Sinkiang: Pawn or Pivot?

Sinkiang: Pawn or Pivot?

Sinkiang: Pawn or Pivot?

Sinkiang: Pawn or Pivot?

Excerpt

This study analyzes Soviet strategy in Sinkiang from 1933 to 1949, with major emphasis upon the first ten years, when General Sheng Shih-ts'ai ruled the province. The period opens with Russian intervention in a local civil war between provincial troops under Sheng and rebellious Moslem forces, and closes with the entry of Chinese Communist armies into the area, resulting in the collapse of an anti-Chinese revolt sponsored by Moscow.

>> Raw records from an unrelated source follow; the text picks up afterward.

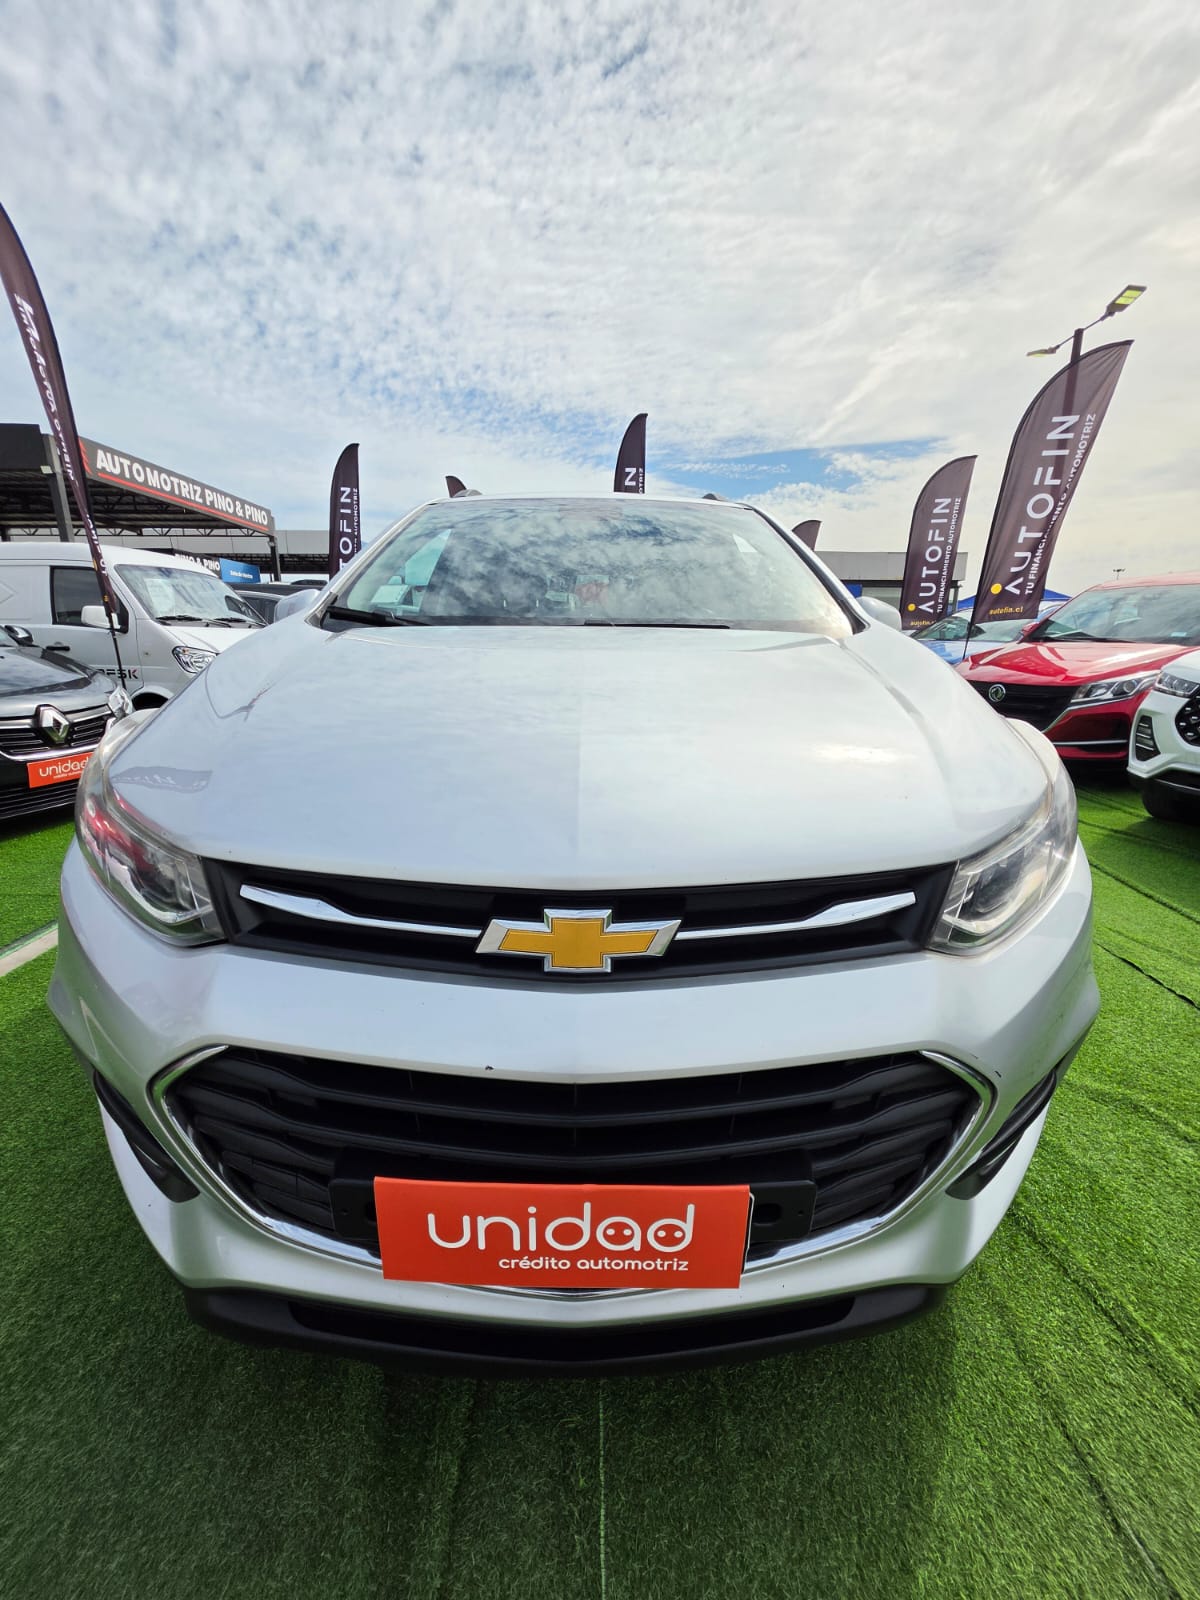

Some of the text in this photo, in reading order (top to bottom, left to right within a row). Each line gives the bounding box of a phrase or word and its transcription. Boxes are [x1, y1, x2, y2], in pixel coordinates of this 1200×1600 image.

[205, 487, 234, 514] PINO
[235, 501, 243, 517] &
[244, 504, 268, 526] PINO
[1004, 414, 1080, 595] AUTOFIN
[339, 487, 352, 571] TOFIN
[918, 498, 952, 614] AUTOFIN
[937, 604, 943, 613] TU
[949, 497, 961, 544] AUTOMOTRIZ
[989, 605, 1024, 615] autofin.cl
[1025, 582, 1035, 595] TU
[39, 756, 89, 777] unidad
[427, 1202, 696, 1252] unidad
[498, 1255, 689, 1272] crédito automotriz
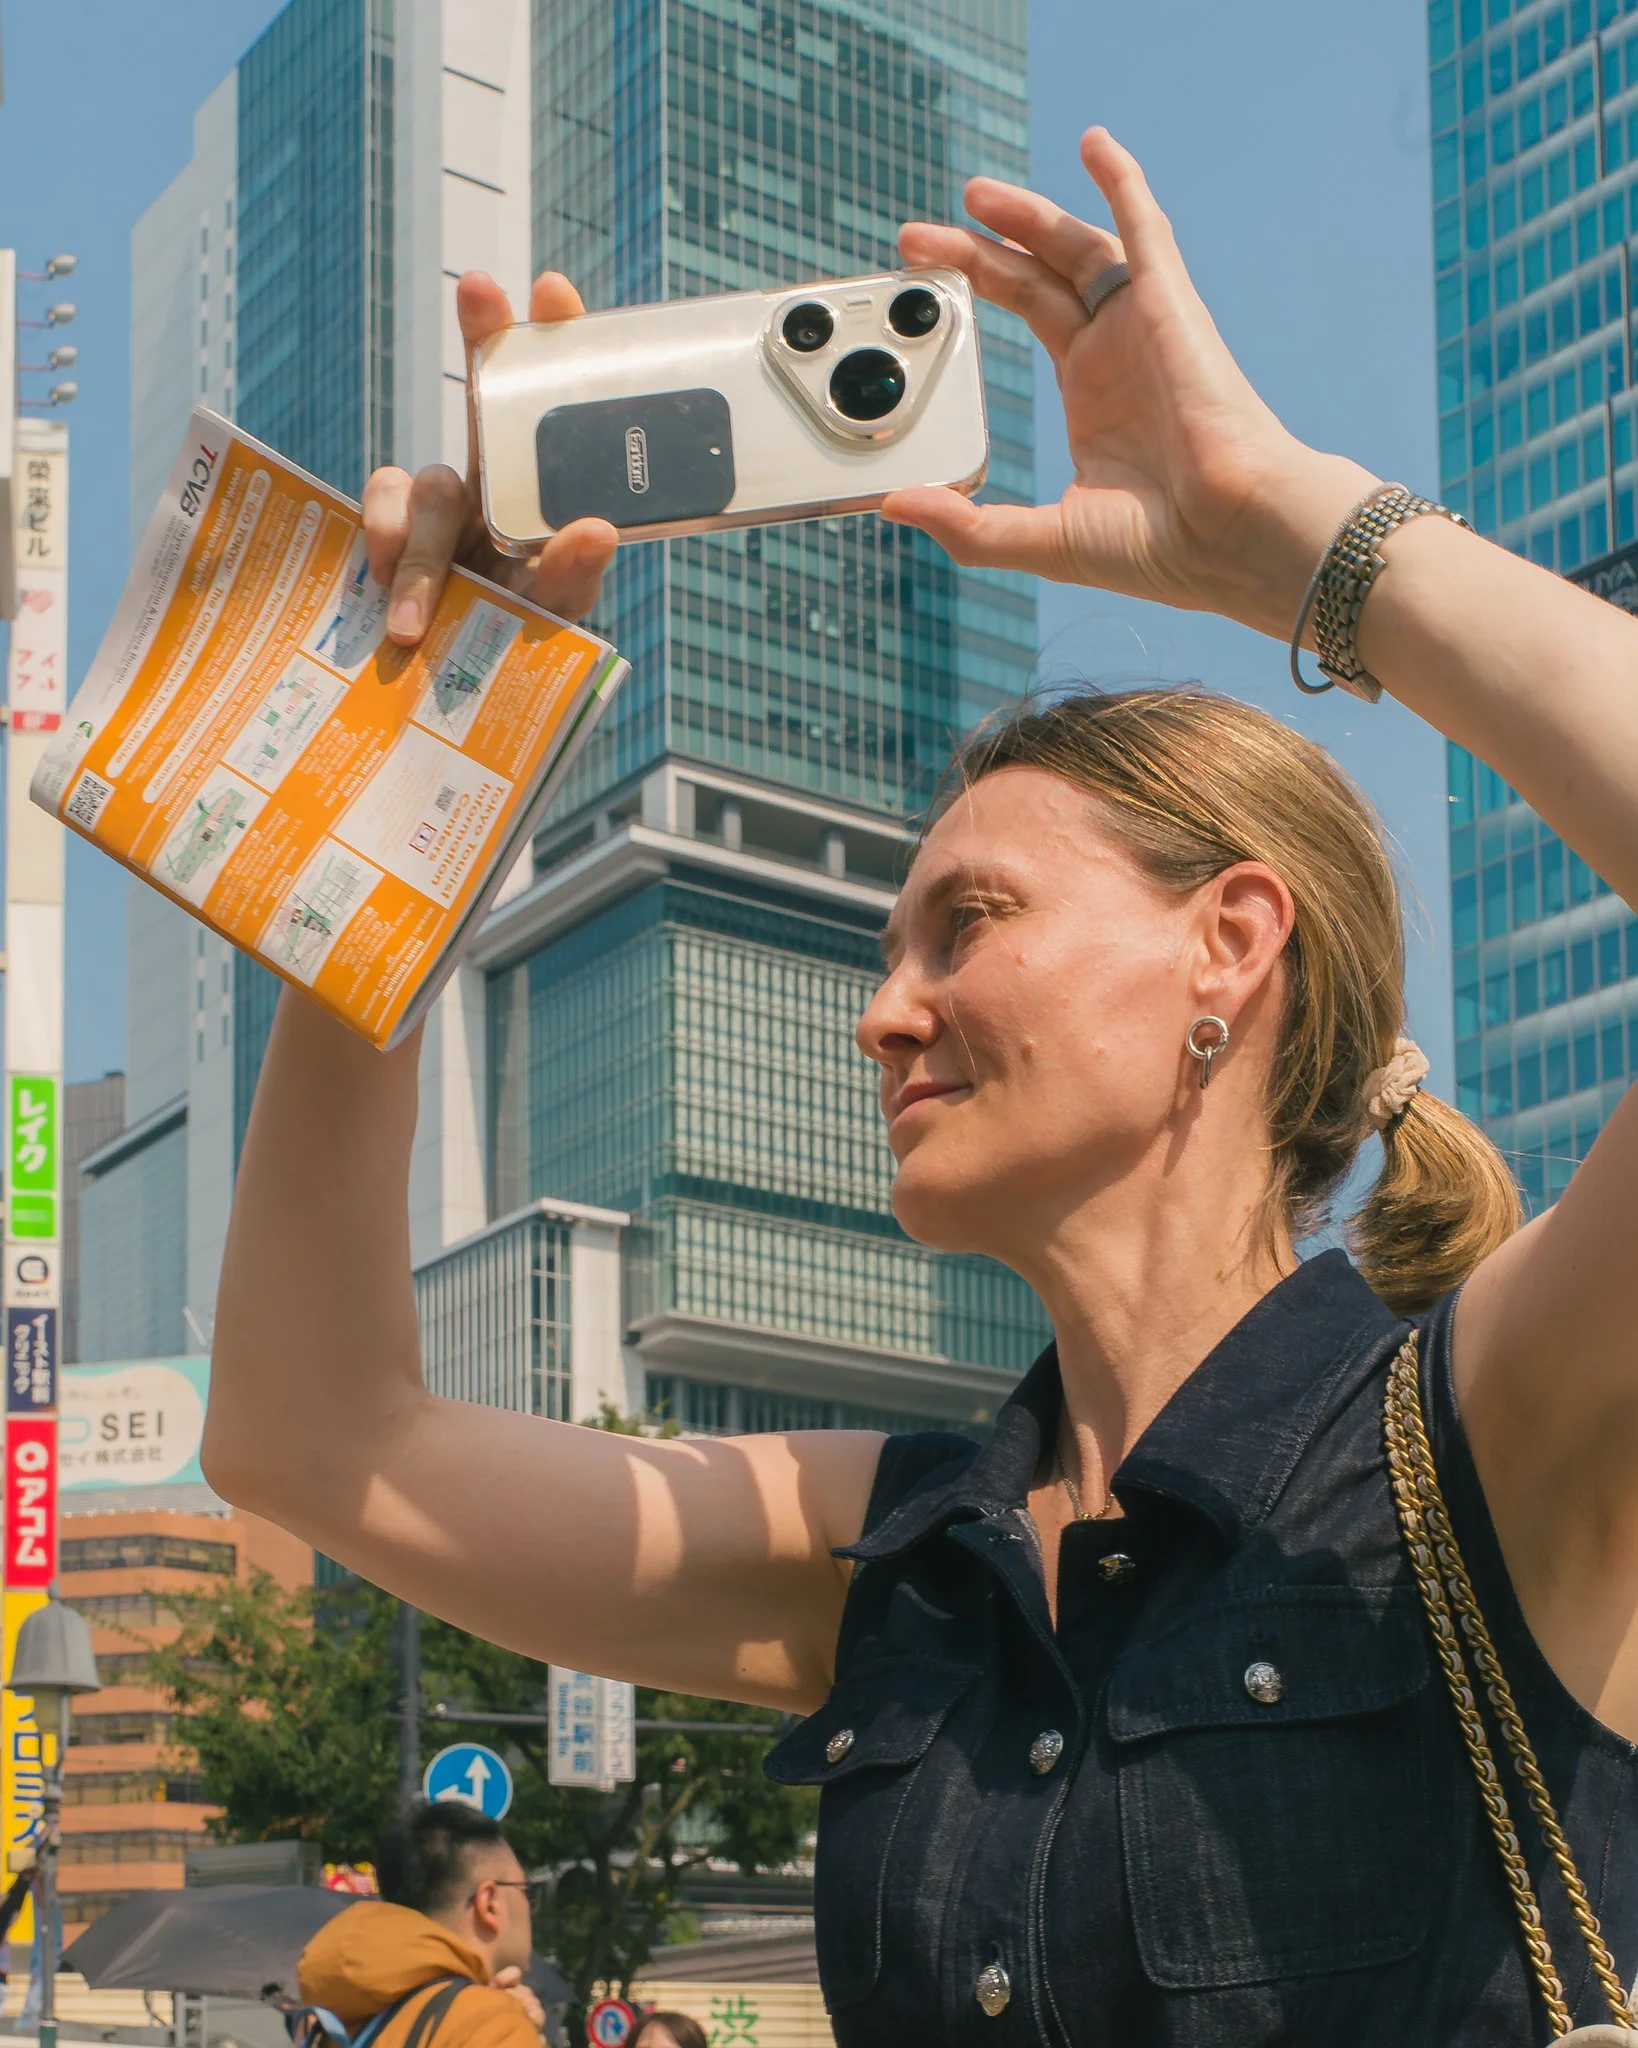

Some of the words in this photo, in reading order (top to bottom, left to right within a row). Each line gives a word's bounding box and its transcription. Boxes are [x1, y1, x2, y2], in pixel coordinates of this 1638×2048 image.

The efforts of Chinese Nationalist leaders to cope with Soviet penetration in Sinkiang cannot be considered apart from their preoccupation with Japanese invasion, first of Manchuria and then of China proper. At a later date, Chinese policies in Sinkiang were influenced indirectly by United States efforts to shape China's domestic as well as foreign policies. Similarly, Soviet actions in Inner Asia bore intimate connection with Moscow's view of Japan's intentions, as well as of China's capabilities. Postwar Russian moves in Sinkiang, as elsewhere in China, proceeded from a general policy framework which was world-wide in its focus, concentrating in particular upon actions and reactions of the United States.

Because these larger international questions encompass far more than the area being studied, they are touched upon only insofar as they directly concern Sinkiang. With this recognized limitation, however, in addition to an analysis of Soviet strategy . . .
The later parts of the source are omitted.